El-Sisi’s resting his hopes on Trump to maintain key U.S. economic support and funding for his military, worth some $1.3 billion a year. It could be a do-or-die moment for the Egyptian leader, in a precarious situation back home with an economy in shambles, disenchanted political constituencies, and growing terrorism threats. Dunne said the visit sends an “important signal” to the military, his prime constituency, that he can deliver with the new White House.
El-Sisi was elected president in 2014 in an election many international observers decried as rigged (he won 96.1 percent of the vote, a suspiciously high margin of victory for a country mired in political turmoil). Since stepping into office, el-Sisi jailed some 40,000 political prisoners including thousands of Muslim Brotherhood affiliates, shut down civil society organizations, and clamped down on the media. In September, Trump referred to him as “a fantastic guy.”
El-Sisi used his White House visit to tout counter-terrorism above all else. “You will find Egypt and myself always beside you in bringing about an effective strategy in counterterrorism,” he said to Trump before press. He is reportedly pushing Trump to label the Muslim Brotherhood a terrorist organization, a move some regional experts warn could backfire given the group’s support among swaths of Middle Eastern society.

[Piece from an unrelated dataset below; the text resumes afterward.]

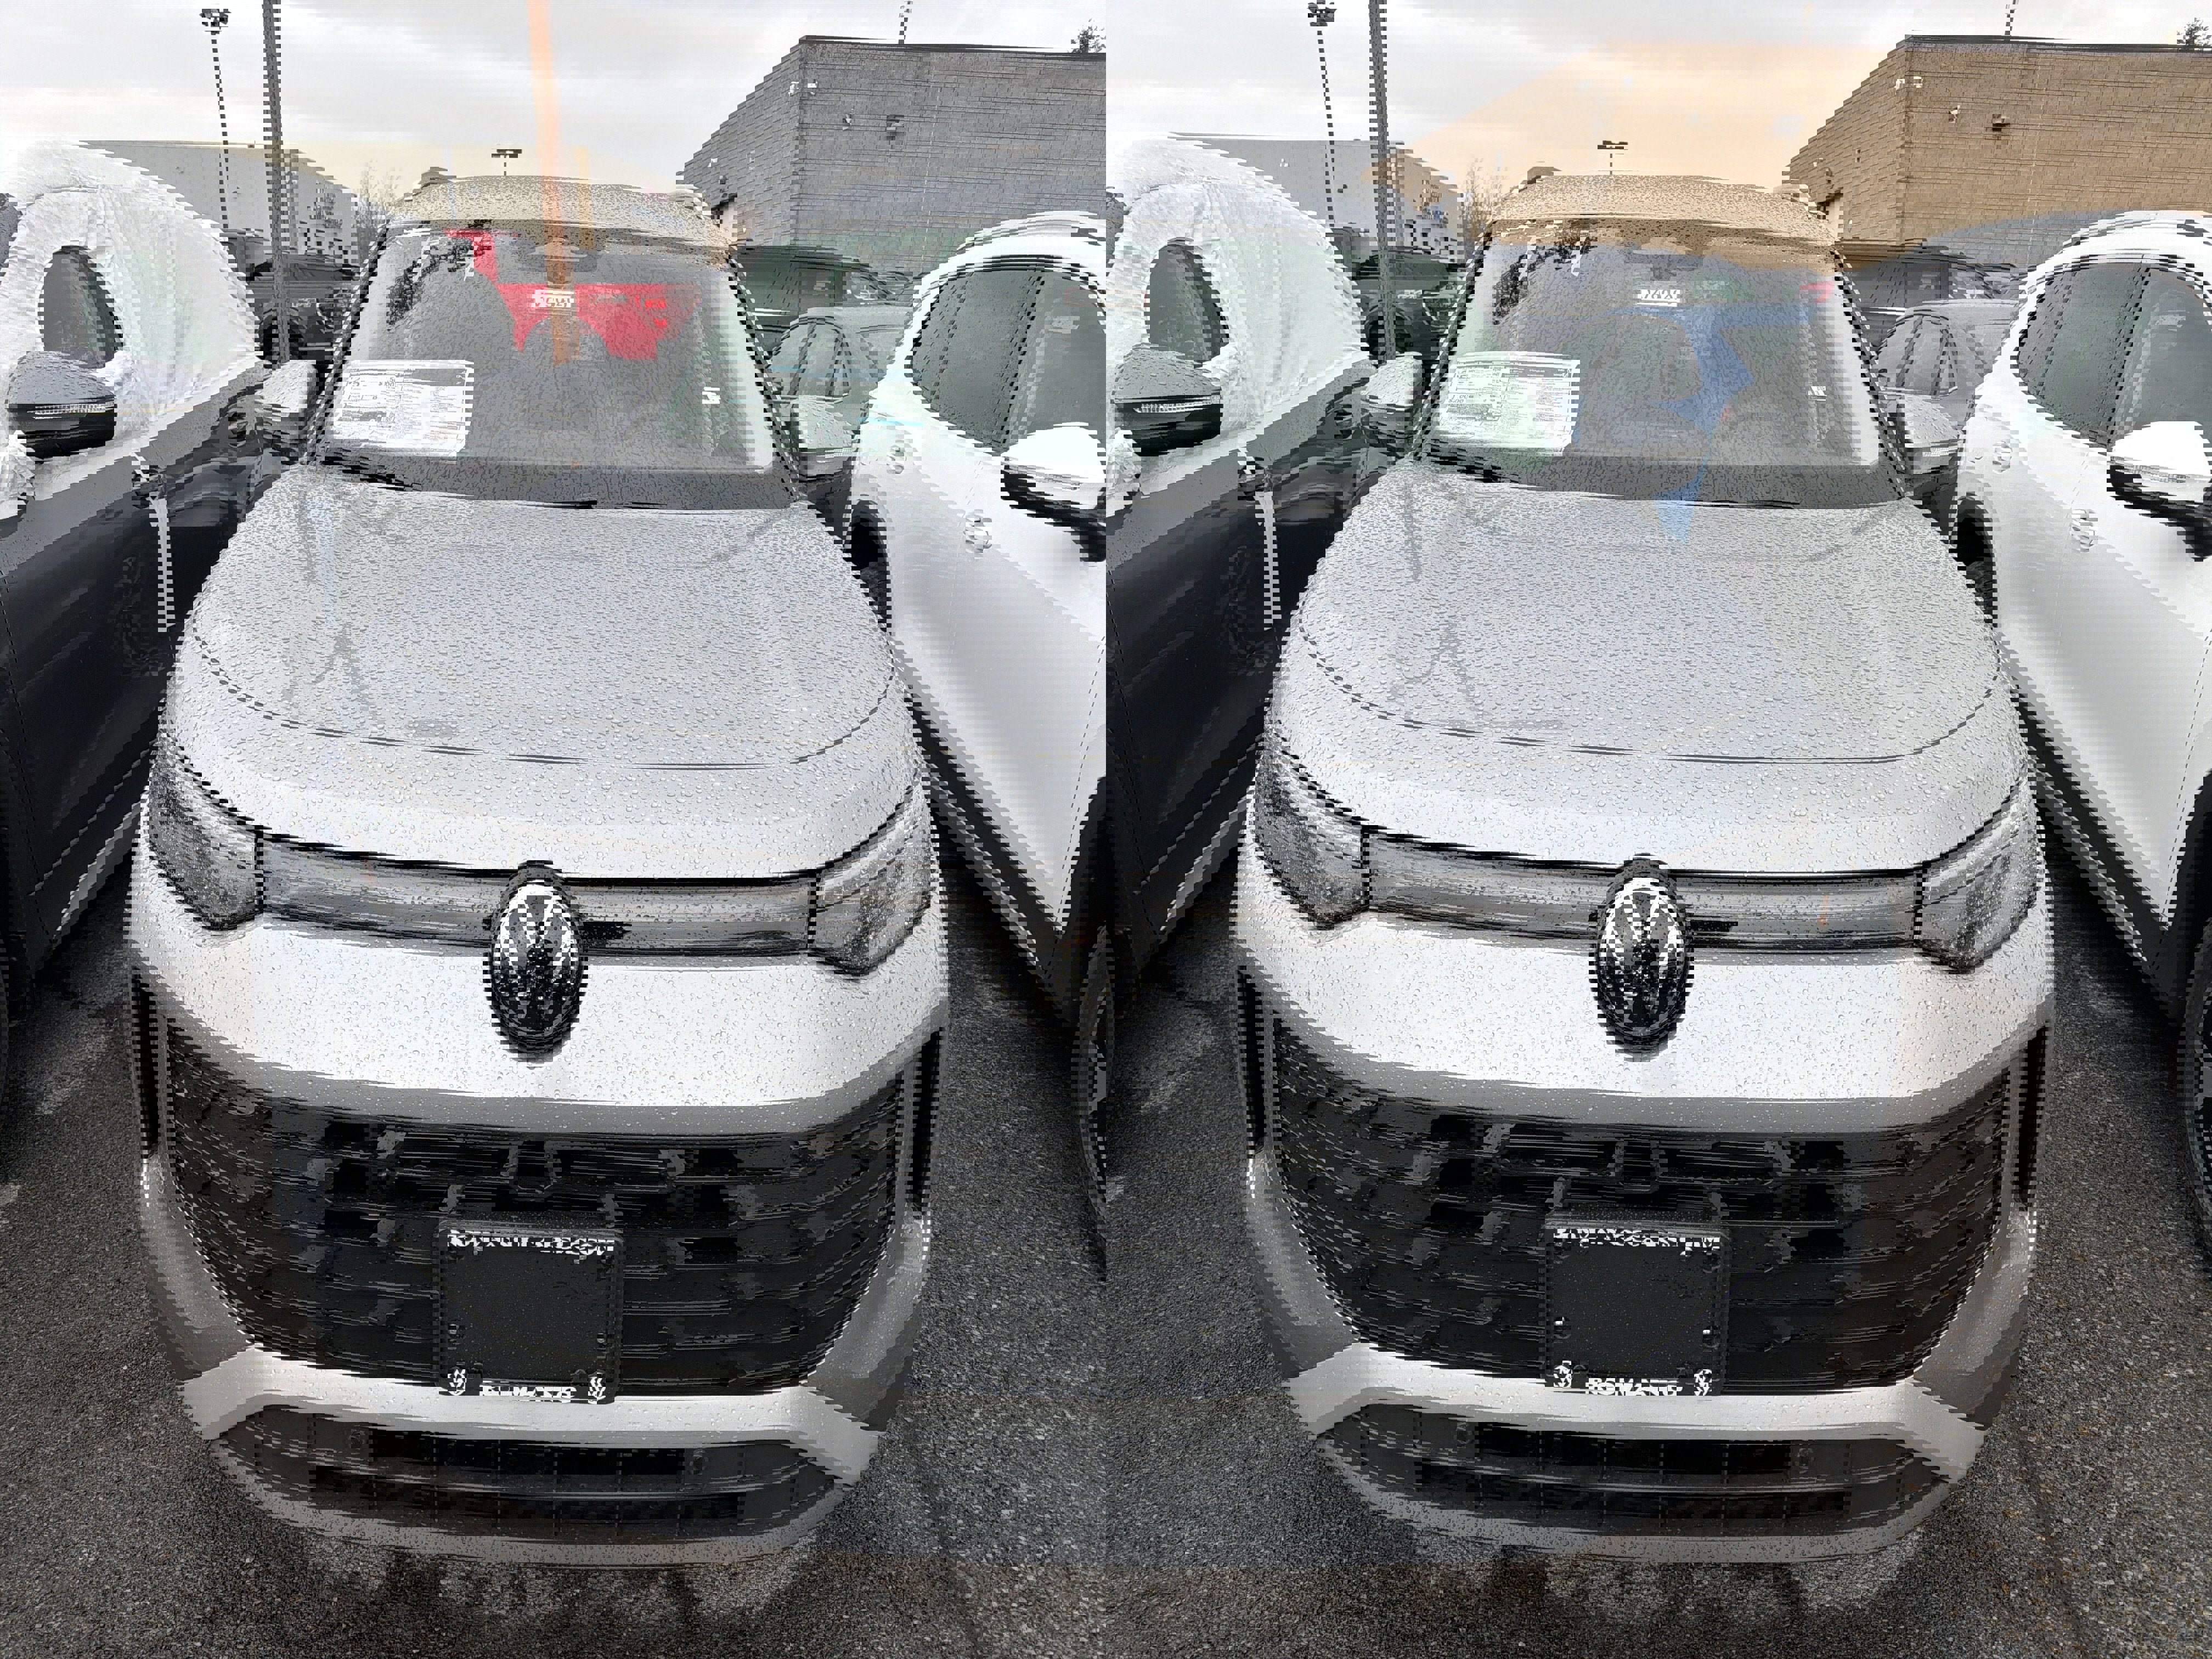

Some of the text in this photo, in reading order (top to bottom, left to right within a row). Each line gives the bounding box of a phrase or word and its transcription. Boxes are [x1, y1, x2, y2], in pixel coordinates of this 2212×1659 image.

[590, 294, 627, 304] FX4
[1076, 292, 1138, 304] V79040
[898, 1229, 1221, 1254] ROMANOCARS.COM
[962, 1380, 1147, 1399] ROMANO

Egypt is waging its own war on terror in the Sinai peninsula, where it is battling extremist militant group Ansar Bayt al-Maqdis (meaning Supporters of Jerusalem) since 2011. In 2014, the group pledged allegiance to the Islamic State terror group. It has reportedly killed thousands, including hundreds of soldiers and police, in the past three years.
The visit could also take the wind out of the sails of human rights activists and civil society organizations in Egypt as Trump tosses rights issues to the wayside in favor of counter-terrorism cooperation. “There’s a sense that the United States no longer cares,” Dunne said, and el-Sisi’s government wouldn’t suffer consequences for human rights crackdowns.
“You’ll find me supporting you very strongly and very earnestly in finding a solution to the problem of the century,” el-Sisi told Trump. Some thought he meant the Israeli-Palestinian conflict, while others imagined he meant terrorism. Trump seems to have taken the latter interpretation, responding, “We will do that together. We will fight terrorism and other things.” He added, “We’re going to be friends for a long, long period of time.”
Update: This article was updated to include comments from Michele Dunne.